**PROBLEM DESCRIPTION:** Copy every line of the data exactly, keeping out any picture.

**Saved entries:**
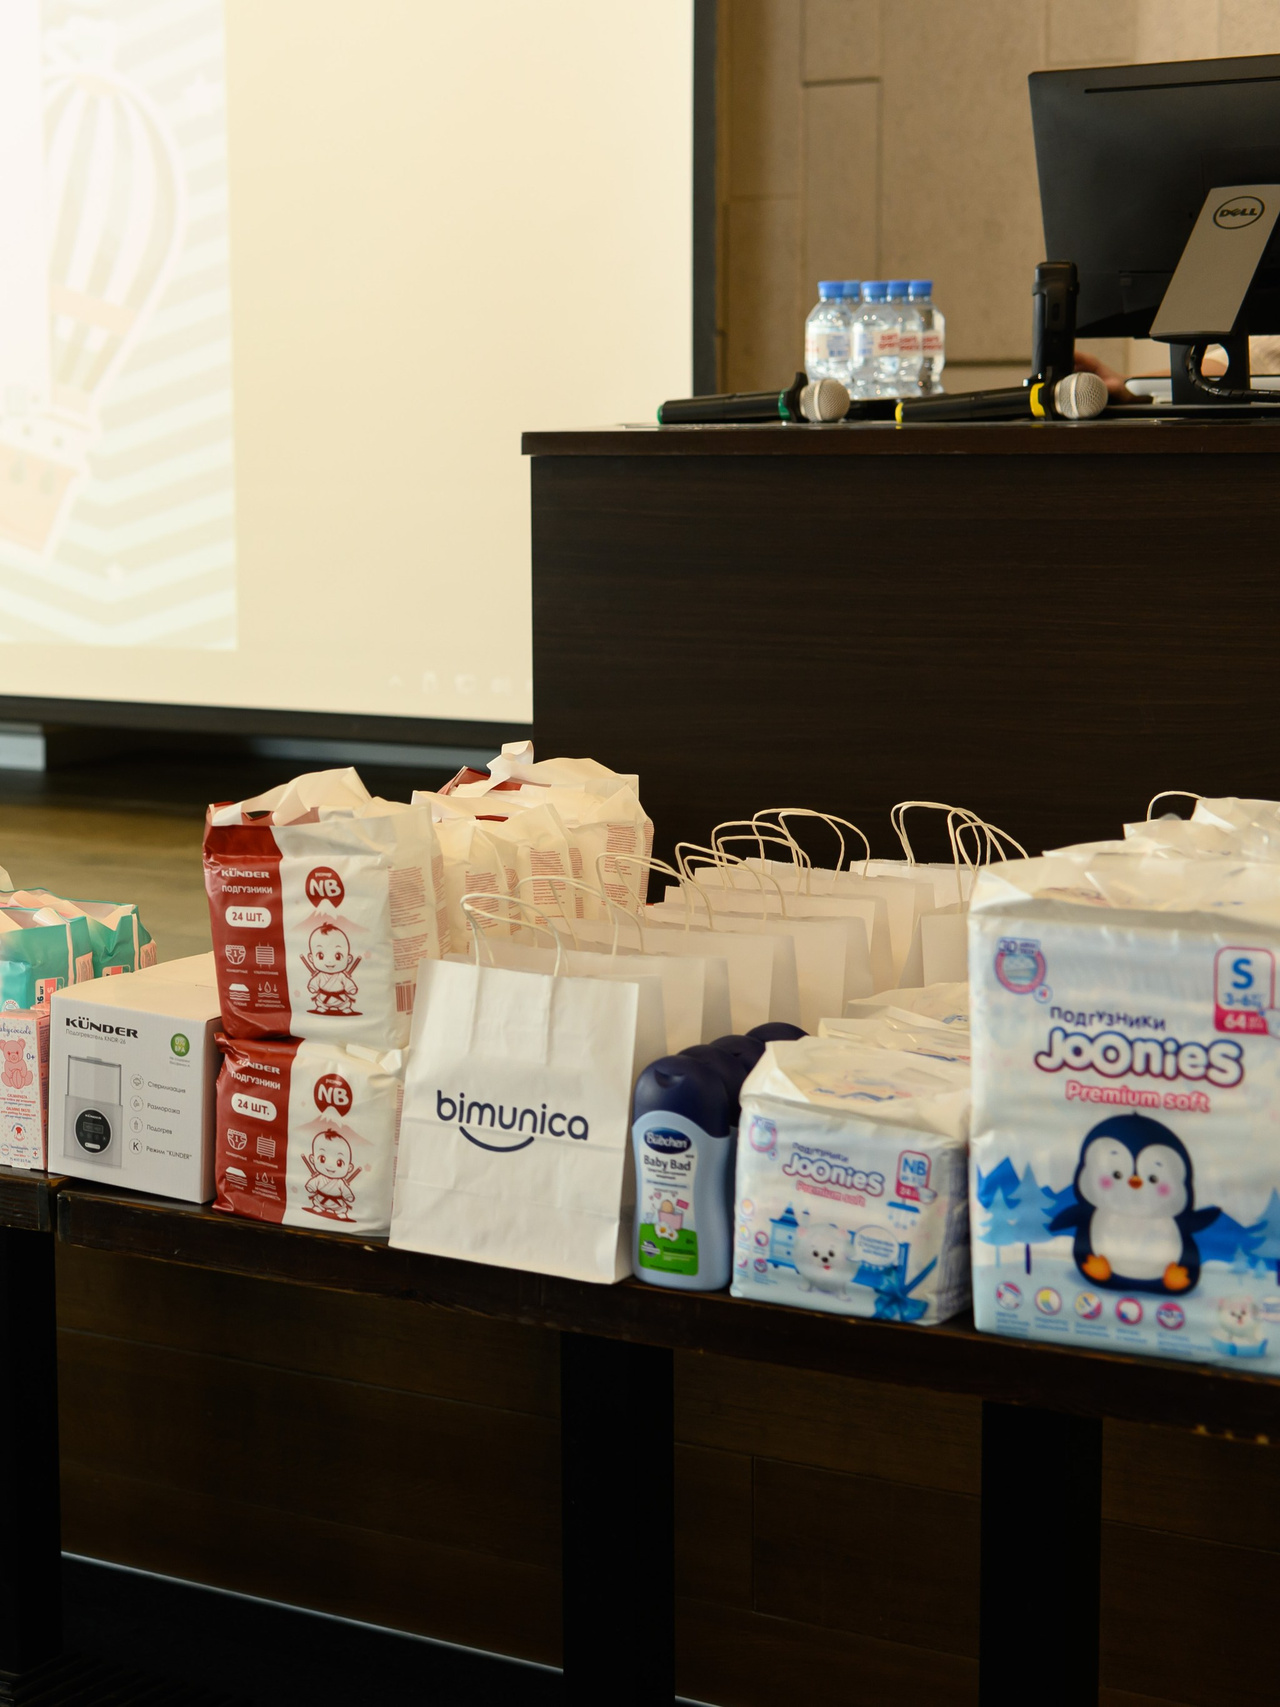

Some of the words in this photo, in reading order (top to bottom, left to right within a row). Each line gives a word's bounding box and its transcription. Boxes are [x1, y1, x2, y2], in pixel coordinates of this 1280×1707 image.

[1219, 208, 1257, 217] DELL
[221, 868, 270, 878] KÜNDER
[222, 885, 273, 894] ПОДГУЗНИКИ
[310, 879, 341, 897] NB
[232, 911, 243, 921] 24
[246, 912, 265, 923] ШТ.
[1231, 958, 1254, 989] S
[66, 1016, 138, 1038] KÜNDER
[1224, 1014, 1246, 1029] 64
[147, 1081, 186, 1094] Стерилизация
[231, 1071, 280, 1090] ПОДГУЗНИКИ
[318, 1084, 349, 1106] NB
[1066, 1080, 1161, 1108] Premium
[1162, 1091, 1211, 1112] soft
[147, 1103, 180, 1115] Разморозка
[237, 1099, 248, 1110] 24
[251, 1103, 270, 1115] ШТ.
[437, 1090, 589, 1141] bimunica
[147, 1124, 173, 1135] Подогрев
[646, 1131, 688, 1148] Bübchen
[146, 1146, 165, 1155] Режим
[644, 1155, 668, 1171] Baby
[670, 1159, 691, 1171] Bad
[902, 1158, 926, 1176] NB
[796, 1180, 842, 1202] Premium

**YOUR SOLUTION:**
Some of the words in this photo, in reading order (top to bottom, left to right within a row). Each line gives a word's bounding box and its transcription. Boxes are [x1, y1, x2, y2], in pixel coordinates of this 1280×1707 image.

[1219, 208, 1257, 217] DELL
[221, 868, 270, 878] KÜNDER
[222, 885, 273, 894] ПОДГУЗНИКИ
[310, 879, 341, 897] NB
[232, 911, 243, 921] 24
[246, 912, 265, 923] ШТ.
[1231, 958, 1254, 989] S
[66, 1016, 138, 1038] KÜNDER
[1224, 1014, 1246, 1029] 64
[147, 1081, 186, 1094] Стерилизация
[231, 1071, 280, 1090] ПОДГУЗНИКИ
[318, 1084, 349, 1106] NB
[1066, 1080, 1161, 1108] Premium
[1162, 1091, 1211, 1112] soft
[147, 1103, 180, 1115] Разморозка
[237, 1099, 248, 1110] 24
[251, 1103, 270, 1115] ШТ.
[437, 1090, 589, 1141] bimunica
[147, 1124, 173, 1135] Подогрев
[646, 1131, 688, 1148] Bübchen
[146, 1146, 165, 1155] Режим
[644, 1155, 668, 1171] Baby
[670, 1159, 691, 1171] Bad
[902, 1158, 926, 1176] NB
[796, 1180, 842, 1202] Premium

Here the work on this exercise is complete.